La plupart du temps, cependant, ils attendent. En 10 ans de Bonnaroo, Graves dit qu’il a appris qu’il est souvent préférable de laisser la sécurité privée du concert gérer les problèmes avant de remettre les délinquants au shérif. « Nous répondons aux appels à l’intérieur en fonction des besoins », explique-t-il. « Si un agent de sécurité privé s’approche de quelqu’un et doit le faire sortir, il n’y a généralement pas de problème. Mais si un officier de police entre et fait sortir la personne, cela peut provoquer une émeute. Nous essayons donc de laisser leur sécurité s’en occuper. S’ils ne peuvent pas, nous entrons. »

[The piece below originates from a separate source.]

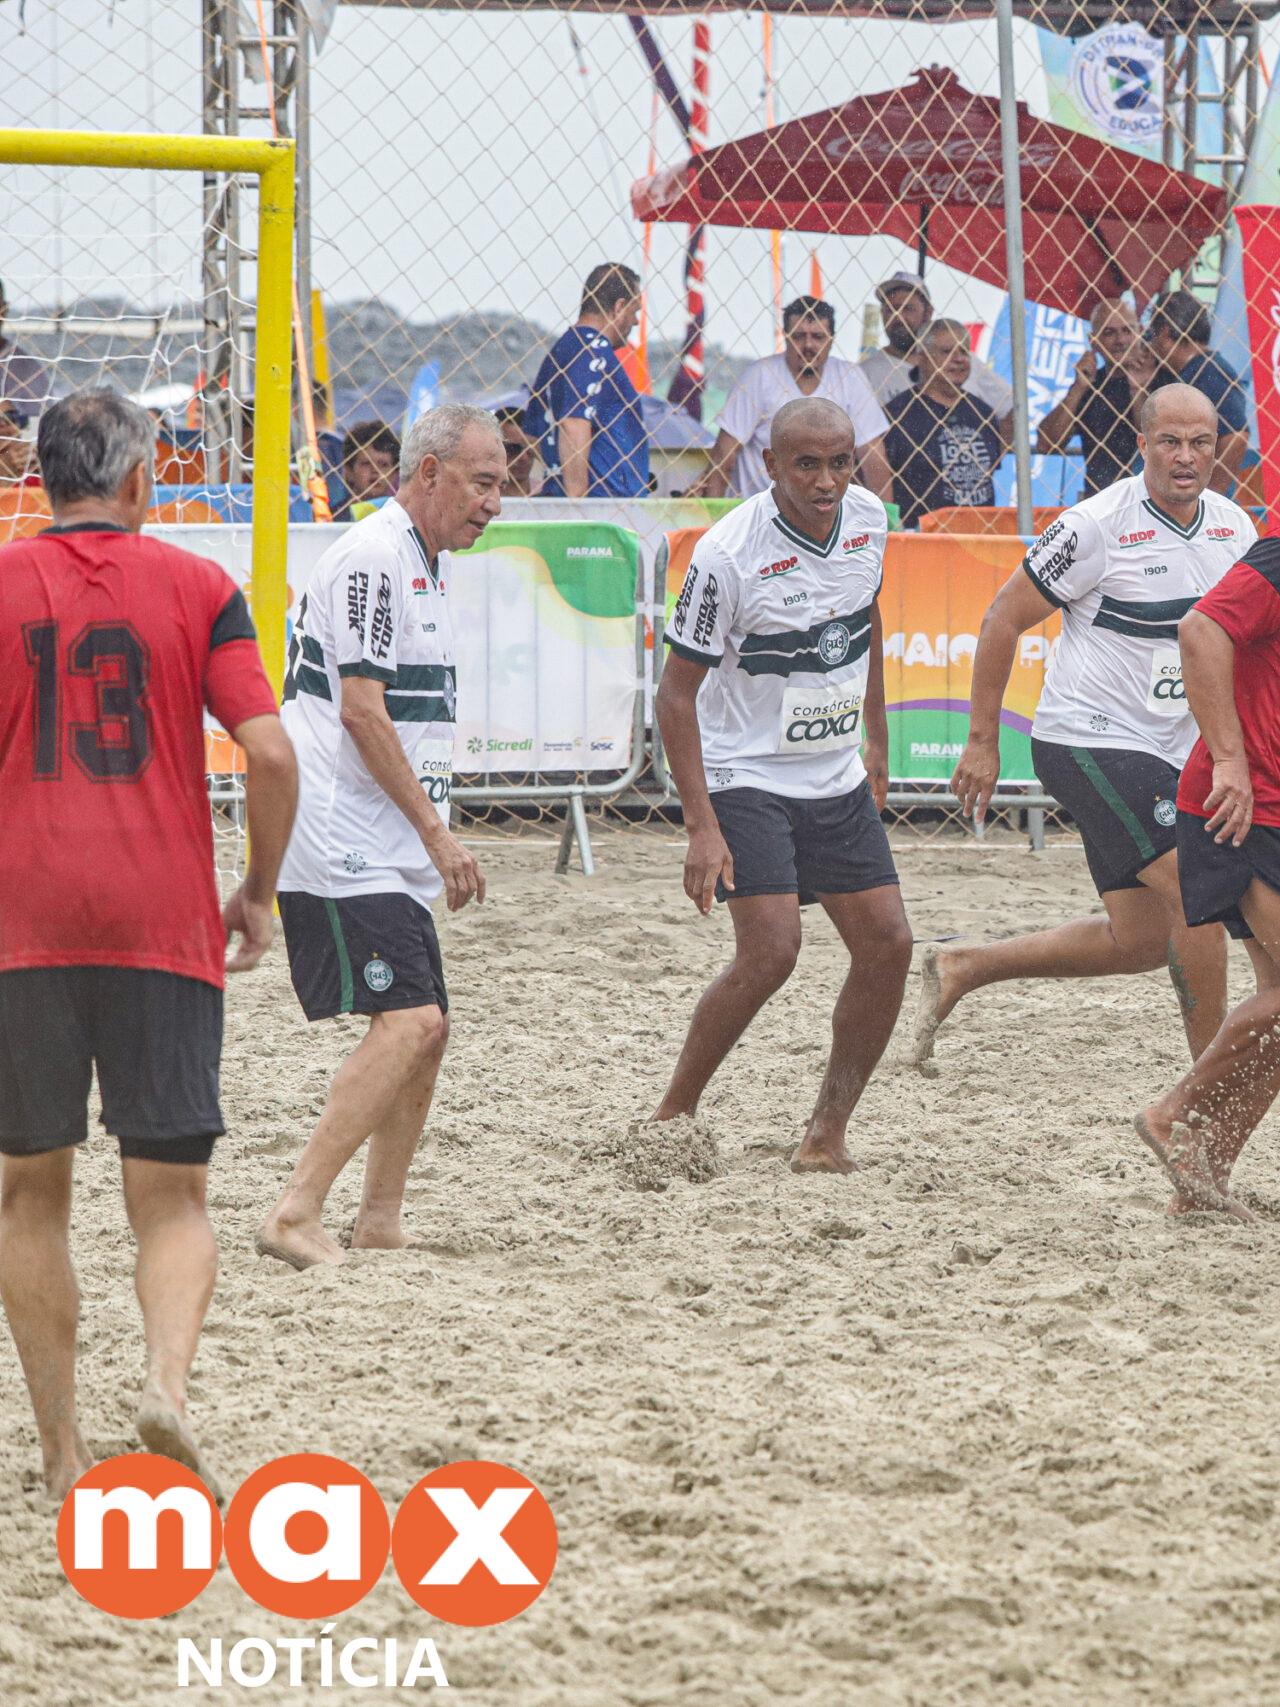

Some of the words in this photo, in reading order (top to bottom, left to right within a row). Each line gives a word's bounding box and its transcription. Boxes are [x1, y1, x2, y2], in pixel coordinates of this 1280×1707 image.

La majorité des délits concerne la drogue et les bagarres domestiques. Sans surprise, les problèmes ont tendance à s’aggraver lorsque l’événement s’étend sur les troisième et quatrième jours. « La chaleur atteint beaucoup de gens », explique M. Graves. Après tout, nous sommes en juin dans le Tennessee. « Les crimes progressent généralement au fur et à mesure que le concert avance ». En ce qui concerne les stupéfiants, Graves dit que son équipe concentre la majeure partie de son énergie sur les trafiquants de drogue, en particulier ceux qui colportent des substances mortelles. « Croyez-le ou non, il y a beaucoup de faux médicaments. Il y a beaucoup de gens qui viennent ici juste pour arnaquer les enfants. Ce sont eux qui causent la majorité des problèmes. »

Inévitablement, la combinaison de la chaleur, des drogues et de l’alcool peut avoir des conséquences fatales. Dix personnes sont mortes au cours des dix années de Bonnaroo, dont deux décès cette année. Comme on pouvait s’y attendre, les causes incluent les coups de chaleur, les overdoses de drogues et les blessures dues à des accidents de voiture. Pour la plupart, cependant, Graves et d’autres responsables affirment que les spectateurs sont là pour passer un bon moment. « La plupart de ces enfants qui viennent ici pour le concert ne posent aucun problème », dit Graves.

Le maire Superstein est d’accord. « Tous les enfants sont faciles à vivre. C’est une foule vraiment détendue. »

Pour autant, accueillir un événement comme Bonnaroo n’est pas facile pour les travailleurs de la ville et du comté. Un adjoint du shérif, lorsqu’on lui demande ce qu’il faut pour organiser un tel concert, rit et répond par un seul mot : « Miracles ».